(Collected data)
——————

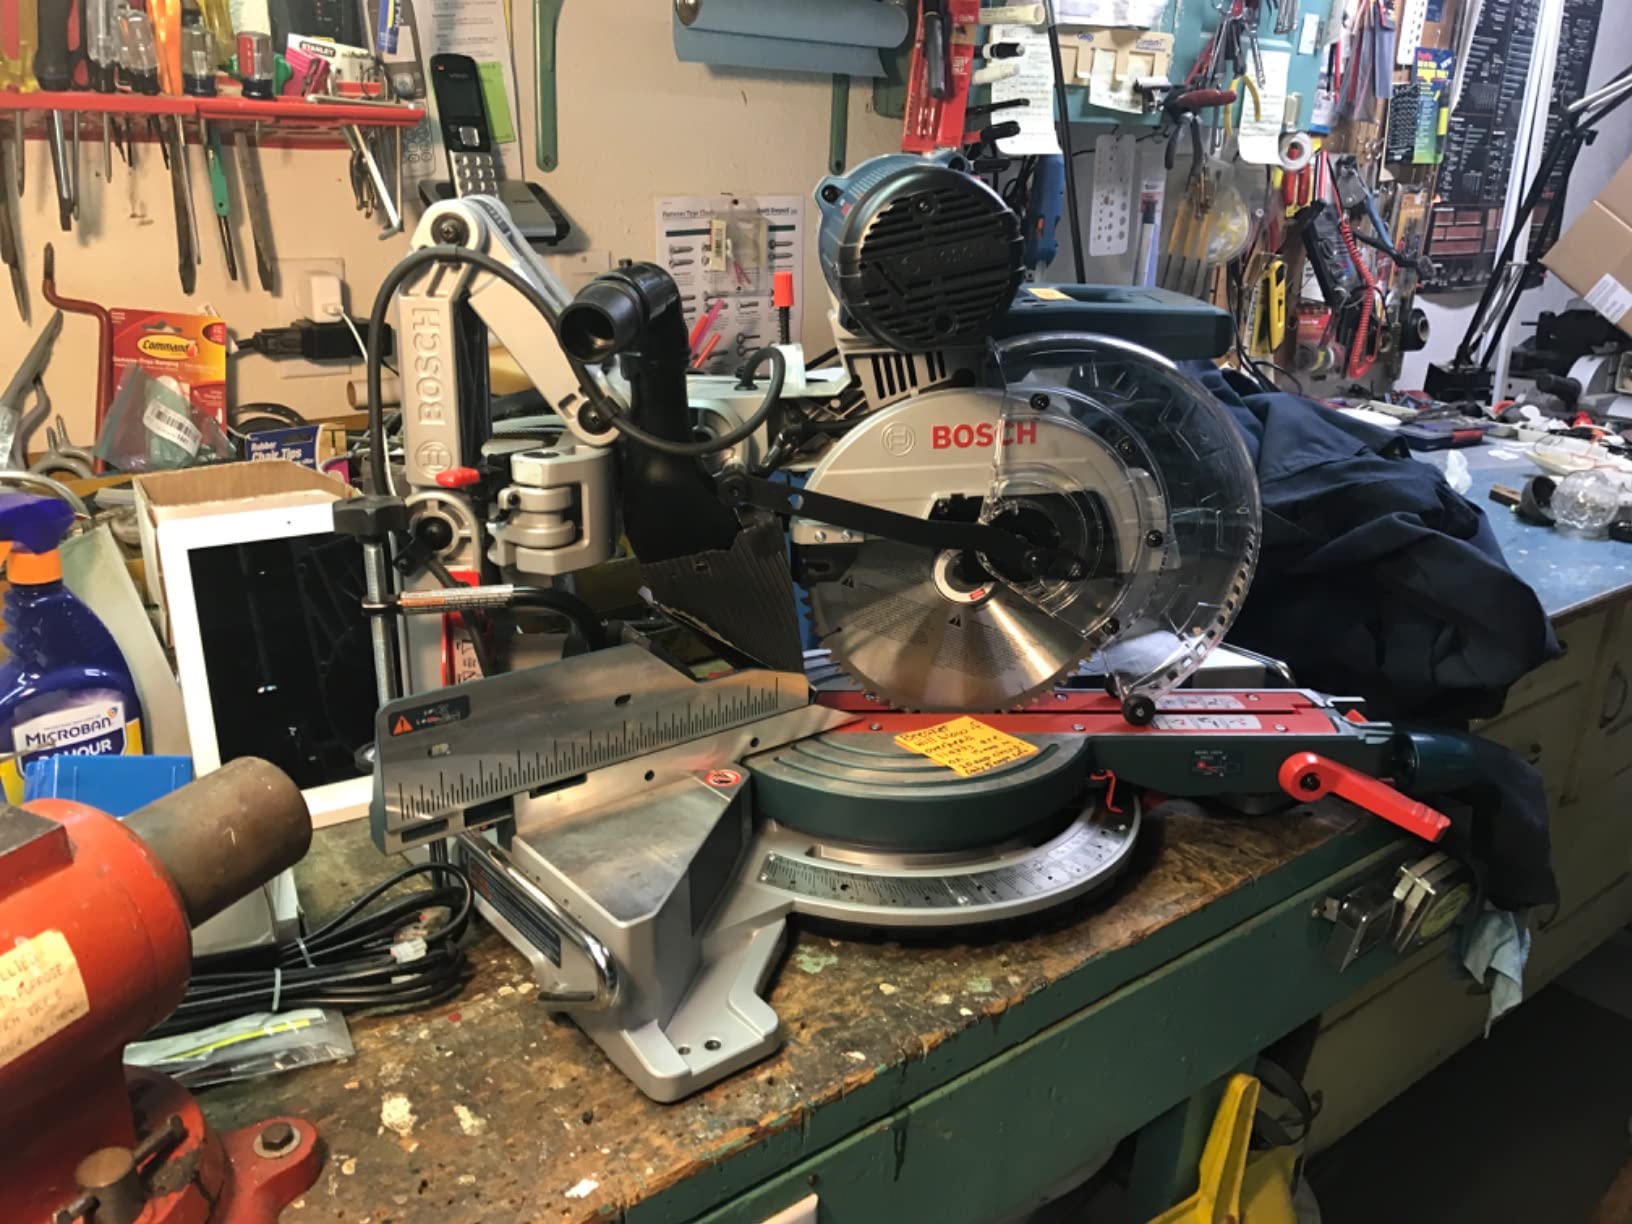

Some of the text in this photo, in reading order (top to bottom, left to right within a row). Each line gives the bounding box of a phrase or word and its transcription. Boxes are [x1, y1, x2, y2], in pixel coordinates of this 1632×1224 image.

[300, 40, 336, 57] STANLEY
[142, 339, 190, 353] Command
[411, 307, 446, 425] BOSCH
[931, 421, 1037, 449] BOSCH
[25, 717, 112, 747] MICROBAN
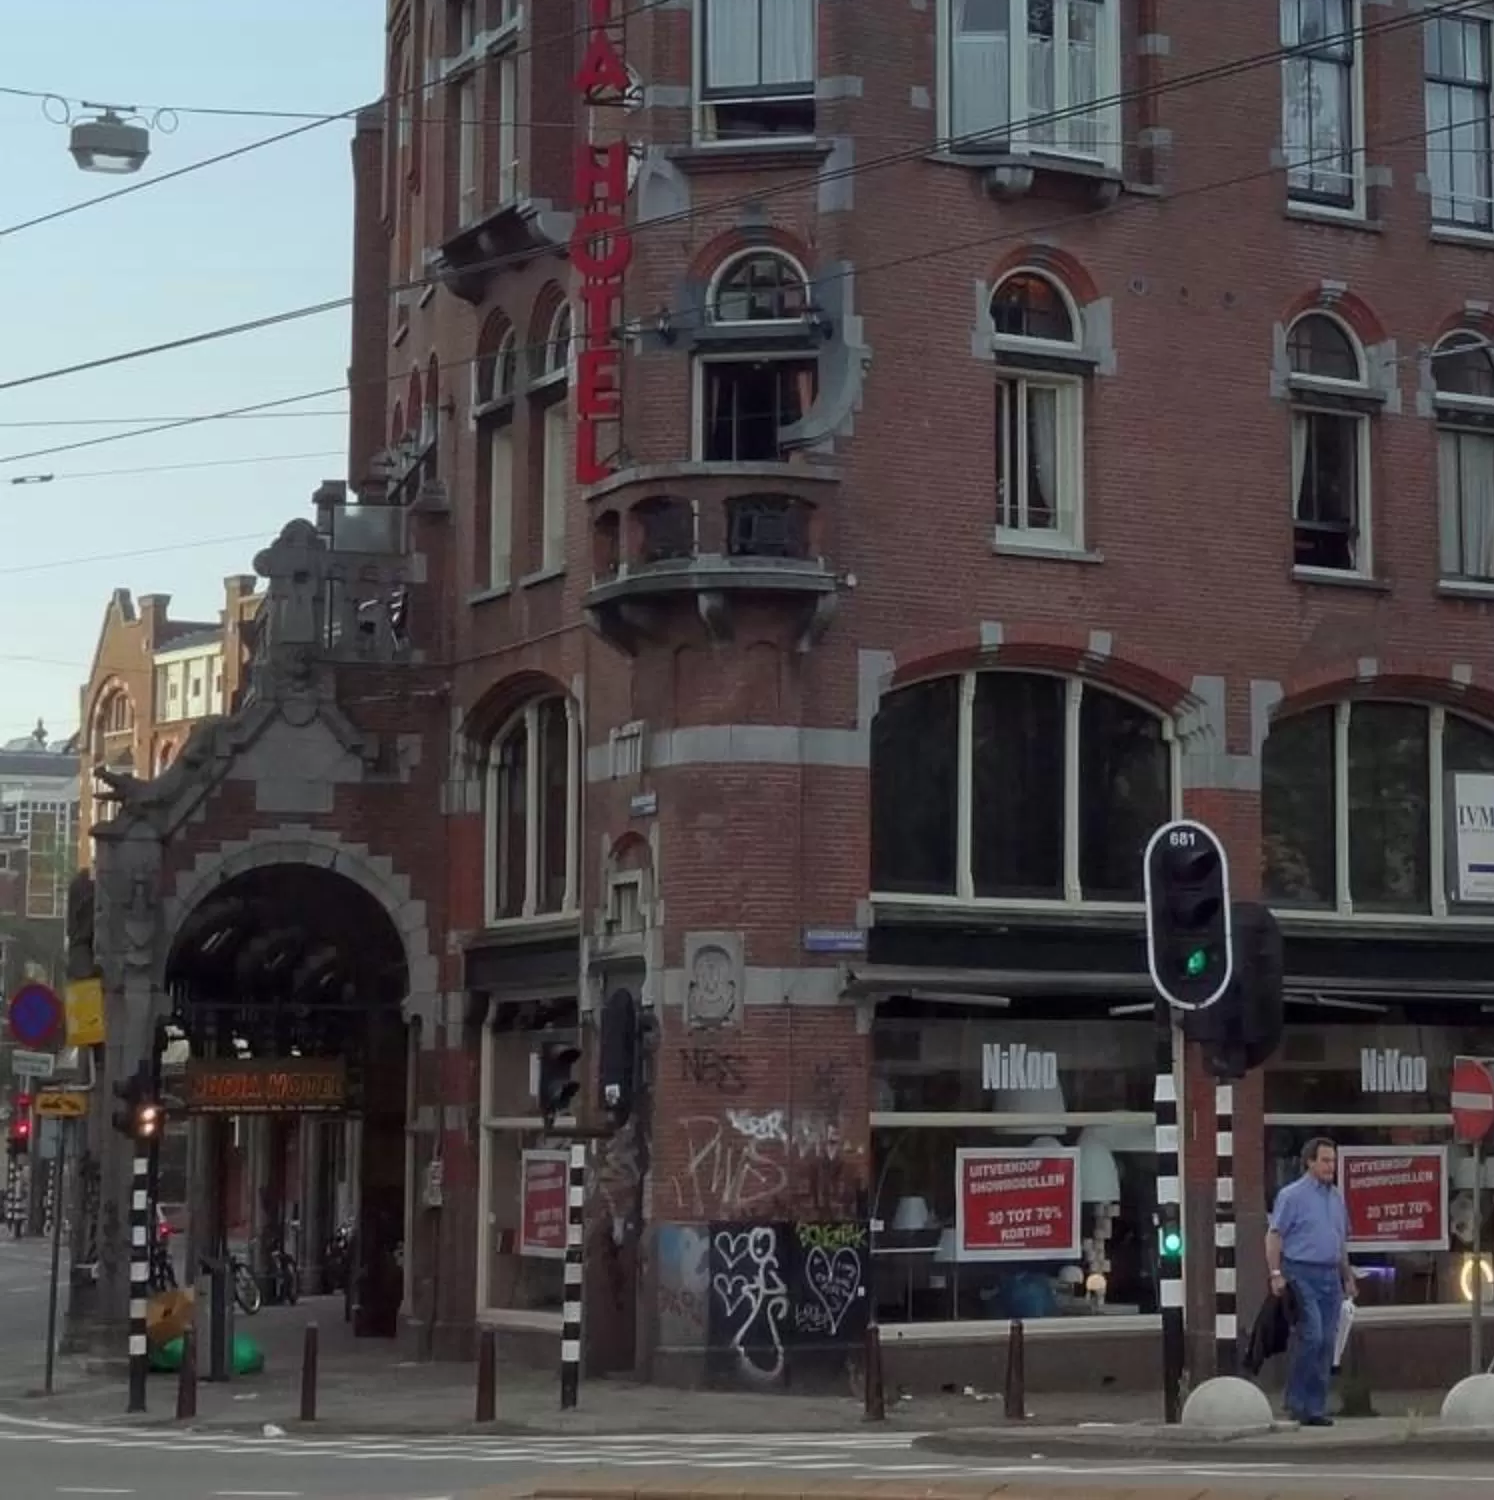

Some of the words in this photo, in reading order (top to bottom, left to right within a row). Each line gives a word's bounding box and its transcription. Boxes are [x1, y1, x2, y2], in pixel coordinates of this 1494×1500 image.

——————

▶ [Work to be completed]
The data above must be written out again without alteration, and the pictures in them must be excluded.

▶ [Exercise solution]
Some of the text in this photo, in reading order (top to bottom, left to right within a row). Each line gives the bounding box of a phrase or word and its transcription. Boxes are [x1, y1, x2, y2], in pixel coordinates of this 1632×1224 image.

[300, 40, 336, 57] STANLEY
[142, 339, 190, 353] Command
[411, 307, 446, 425] BOSCH
[931, 421, 1037, 449] BOSCH
[25, 717, 112, 747] MICROBAN

Some of the words in this photo, in reading order (top to bottom, left to right within a row). Each line gives a word's bounding box and its transcription. Boxes are [x1, y1, x2, y2], in pixel coordinates of this 1494×1500 image.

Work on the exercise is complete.